2.5: Chi-square Test of Independence
- Page ID
- 1722
Skills to Develop
- To use the chi-square test of independence when you have two nominal variables and you want to see whether the proportions of one variable are different for different values of the other variable.
- Use it when the sample size is large.
When to use it
Use the chi-square test of independence when you have two nominal variables, each with two or more possible values. You want to know whether the proportions for one variable are different among values of the other variable. For example, Jackson et al. (2013) wanted to know whether it is better to give the diphtheria, tetanus and pertussis (DTaP) vaccine in either the thigh or the arm, so they collected data on severe reactions to this vaccine in children aged \(3\) to \(6\) years old. One nominal variable is severe reaction vs. no severe reaction; the other nominal variable is thigh vs. arm.
No severe reaction | Severe reaction | Percent severe reaction | |
---|---|---|---|
Thigh | 4758 | 30 | 0.63% |
Arm | 8840 | 76 | 0.85% |
There is a higher proportion of severe reactions in children vaccinated in the arm; a chi-square of independence will tell you whether a difference this big is likely to have occurred by chance.
A data set like this is often called an "\(R\times C\) table," where \(R\) is the number of rows and \(C\) is the number of columns. This is a \(2\times 2\) table. If the results were divided into "no reaction", "swelling," and "pain", it would have been a \(2\times 3\) table, or a \(3\times 2\) table; it doesn't matter which variable is the columns and which is the rows.

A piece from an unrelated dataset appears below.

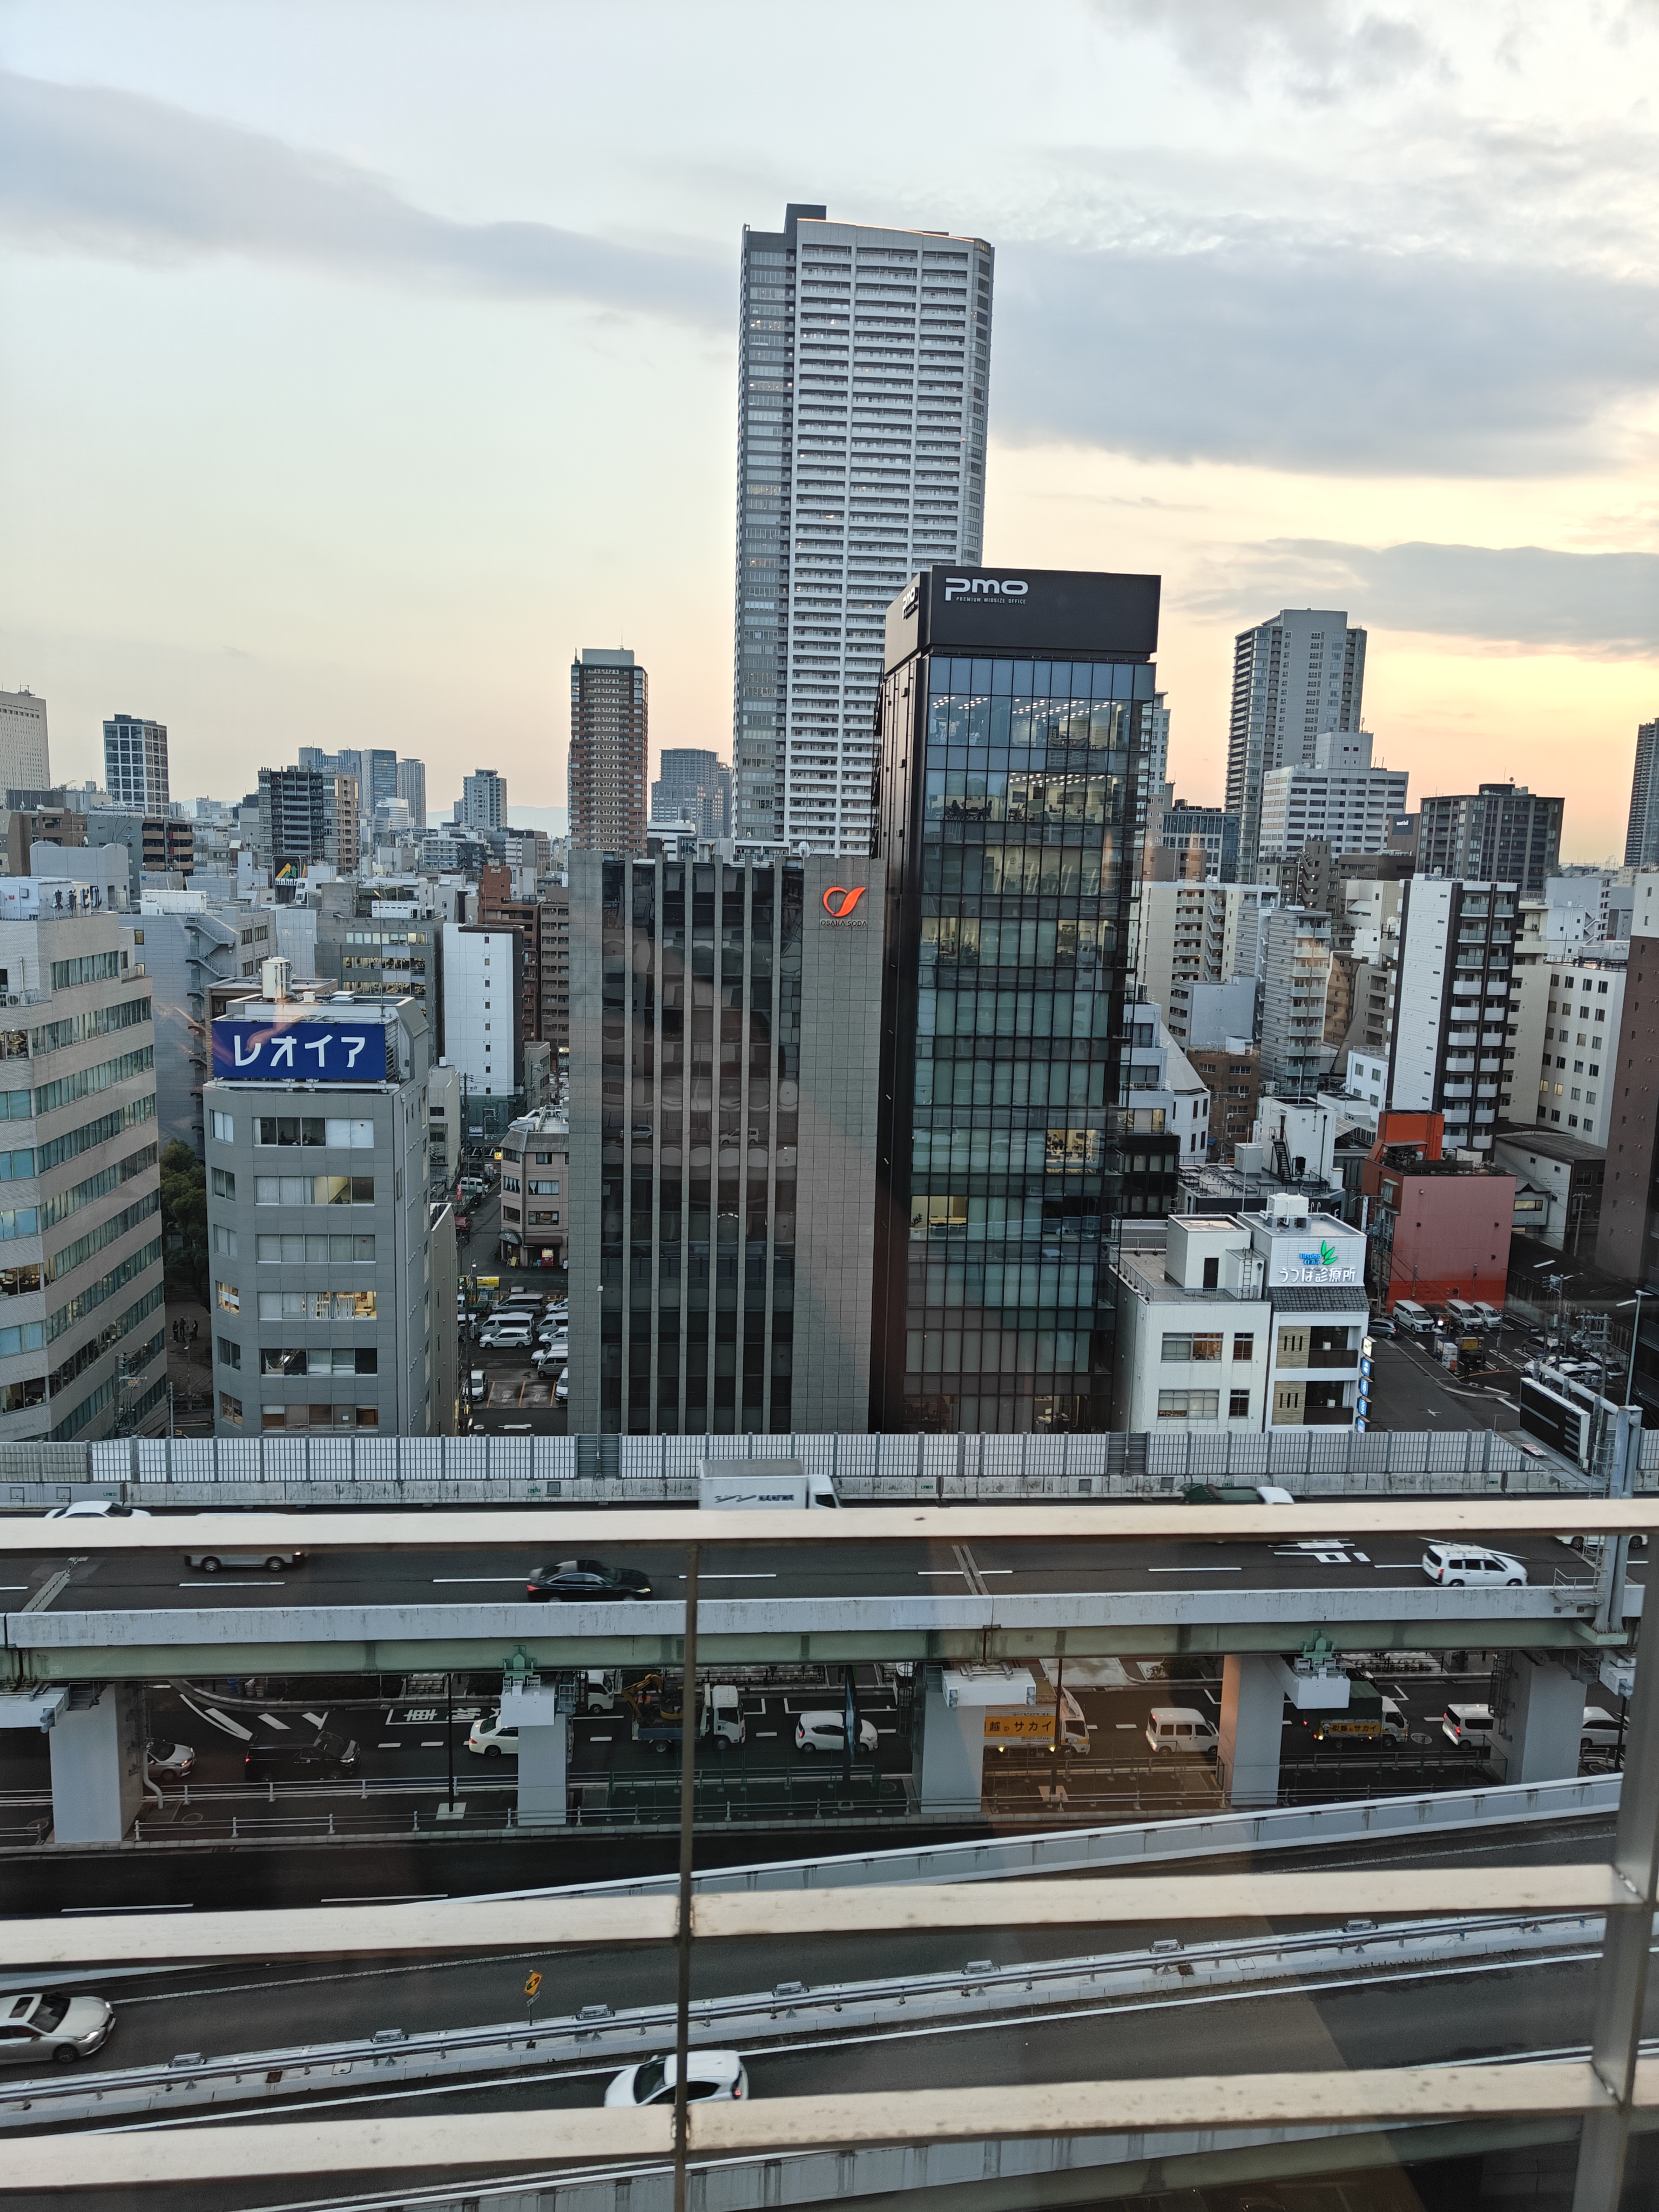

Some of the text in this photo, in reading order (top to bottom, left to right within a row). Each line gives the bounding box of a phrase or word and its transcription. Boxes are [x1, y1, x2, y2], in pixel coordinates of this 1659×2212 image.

[945, 577, 1029, 601] pmo
[234, 1034, 365, 1068] レオイア
[984, 1721, 1051, 1732] 越のサカイ

It is also possible to do a chi-square test of independence with more than two nominal variables. For example, Jackson et al. (2013) also had data for children under \(3\), so you could do an analysis of old vs. young, thigh vs. arm, and reaction vs. no reaction, all analyzed together. That experimental design doesn't occur very often in experimental biology and is rather complicated to analyze and interpret, so I don't cover it in this handbook (except for the special case of repeated \(2\times 2\) tables, analyzed with the Cochran-Mantel-Haenszel test).
Fisher's exact test is more accurate than the chi-square test of independence when the expected numbers are small, so I only recommend the chi-square test if your total sample size is greater than \(1000\). See the web page on small sample sizes for further discussion of what it means to be "small".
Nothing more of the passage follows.